さて、君達には第三ステージに案内しようと思う。
以下の場所に来てくれ。
飛川(ひかわ)ビル 屋上
さてさて、君達はこのゲームで終わるかな?》
「…………なんか拍子抜け。」
「……。」
「智里お姉ちゃん…?」
智里の眉間にいつも以上に深く刻まれている皺に美波は恐怖を覚える。
「何で……。」
地獄のそこから響いてきそうな低い声に、美波だけでなく友梨も身の危険を感じたのか後ずさった。
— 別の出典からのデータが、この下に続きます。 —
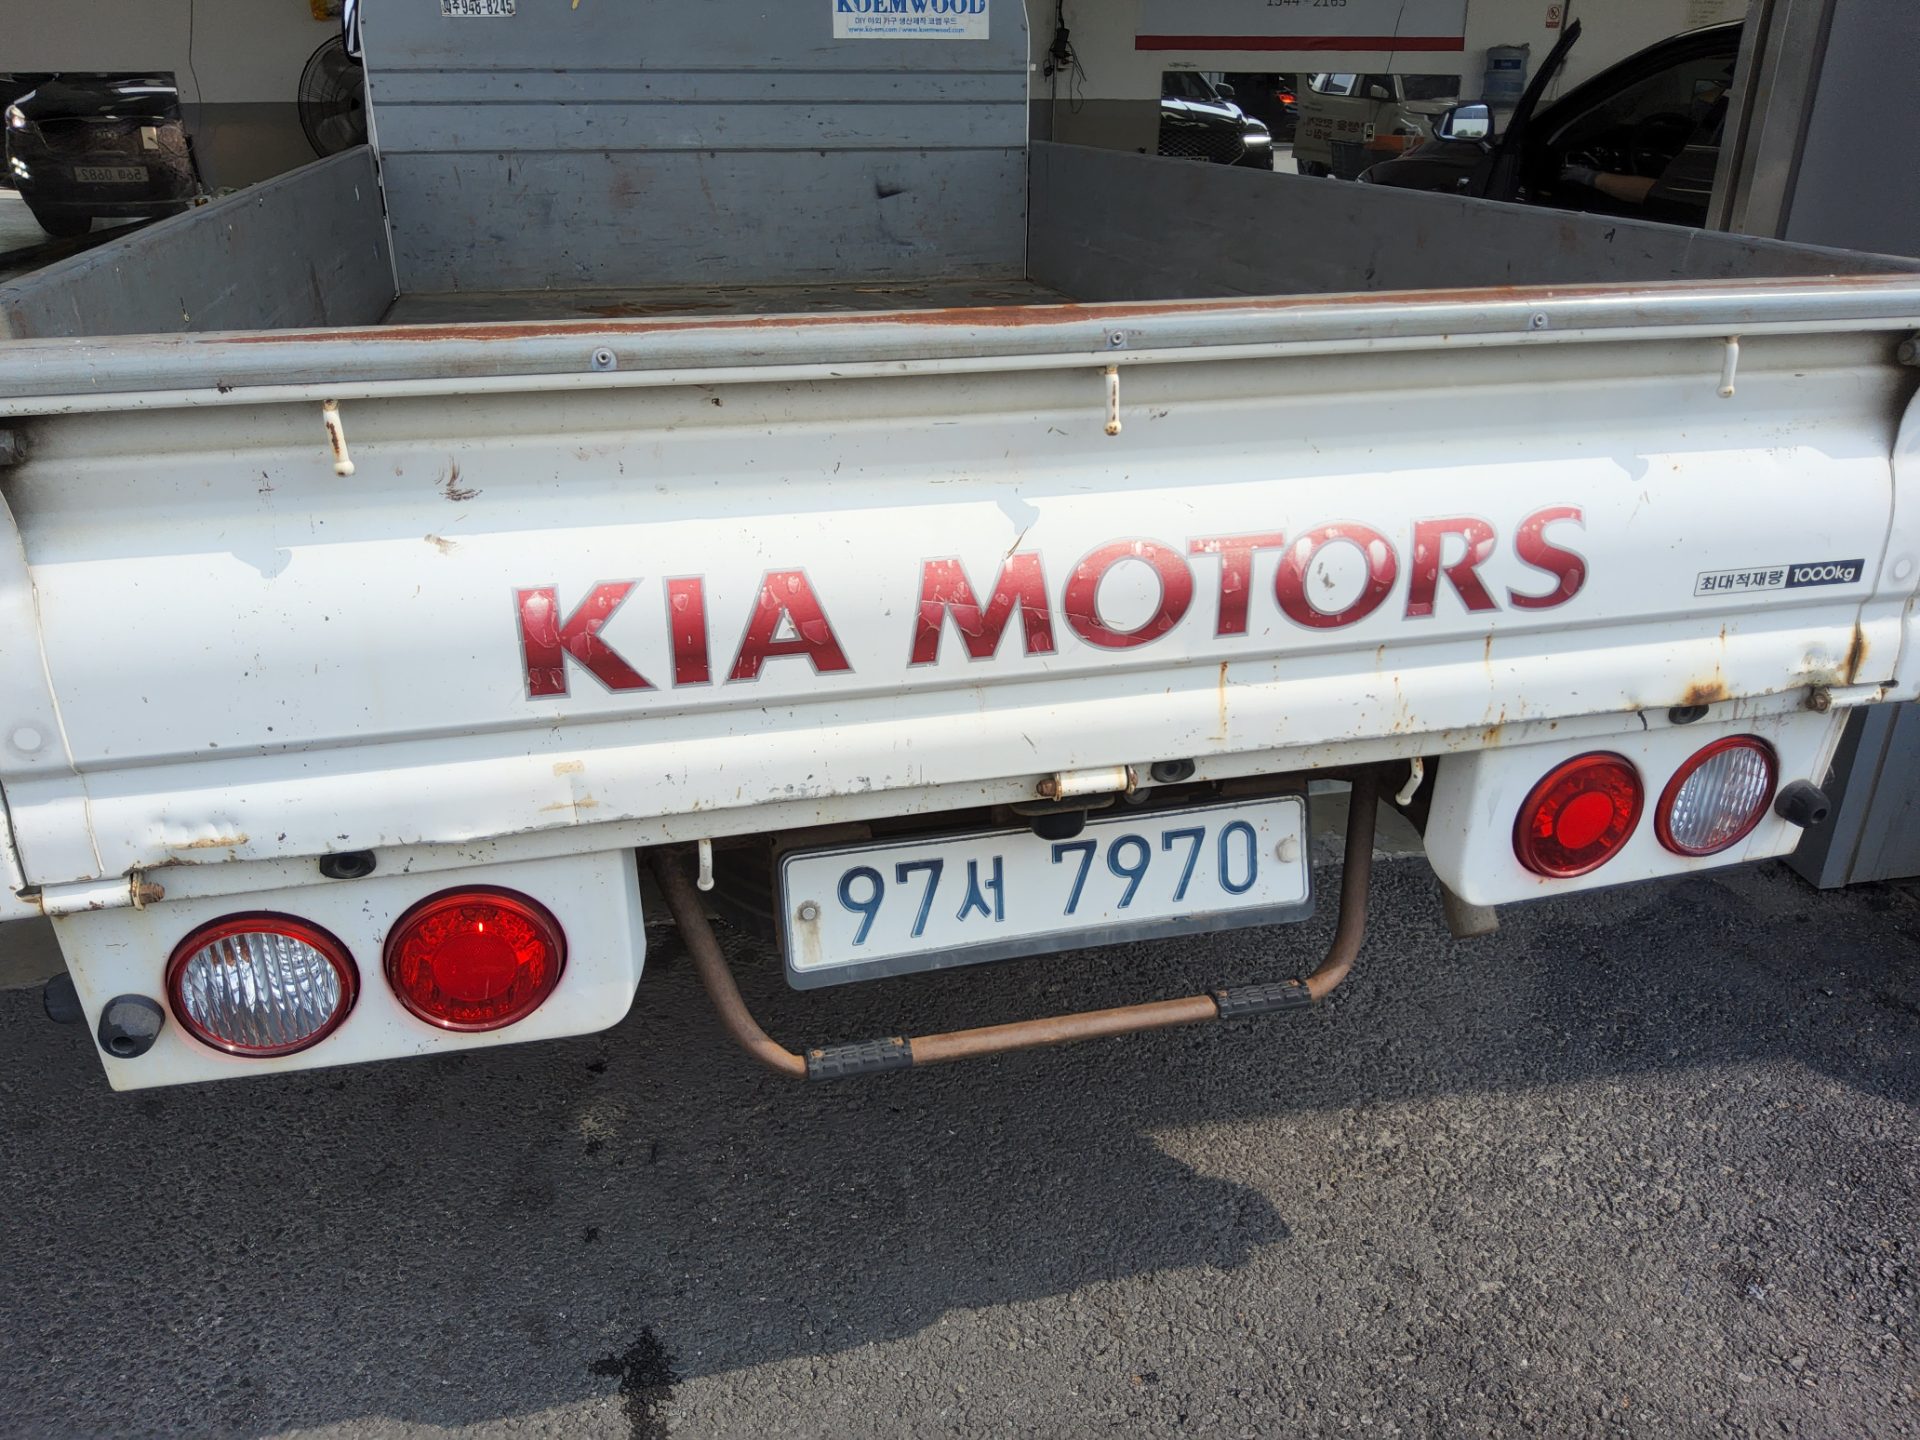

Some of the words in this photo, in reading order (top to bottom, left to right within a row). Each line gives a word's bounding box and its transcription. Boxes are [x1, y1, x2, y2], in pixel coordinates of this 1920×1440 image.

「このわたしが、こんな奴のために出向かなきゃいけないのよ……。」
「………み、美波!」
「は、はい!」
「朝食にしようか?」
「うんそうだね!」
二人は智里から目を逸らし、そして、話も逸らそうとするが、智里の声が二人の会話に入り込む。
「待ちなさいよ。」
「ひぇっ!」
「うひゃっ!」
智里の低い声によって二人の驚き声が上がった。
「貴女たちはなんとも思わない訳?」
友梨は顔を引き攣り、視線を彷徨わせながら、助けを求める。
しかし、頼りになるはずの男性陣は友梨と目を合わせようとしない。
(おい……。)
友梨は心の中で言うと、不意に昌獅(まさし)と視線が合う。
(助けて…。)
そう視線を送るが、昌獅はそれを思いっきり無視した。
「おいっ!」
思わず声に出してしまった友梨は慌てて口を塞ぐ。
「………ふ〜ん。」
近くからの白けた視線を感じ、友梨の背中に嫌な汗が流れ出す。
「………ううう…。」
友梨は恨みがましく昌獅を見るが、彼は完全に無視をする。
「まあ、そこまでにしたらどうだ。」
〜つづく〜
あとがき:ゆう(友梨)ちゃんとまさ(昌獅)の遣り取りが結構気に入っています。それにしても…【ルーラー】の考えている事は作者でも分かりません……。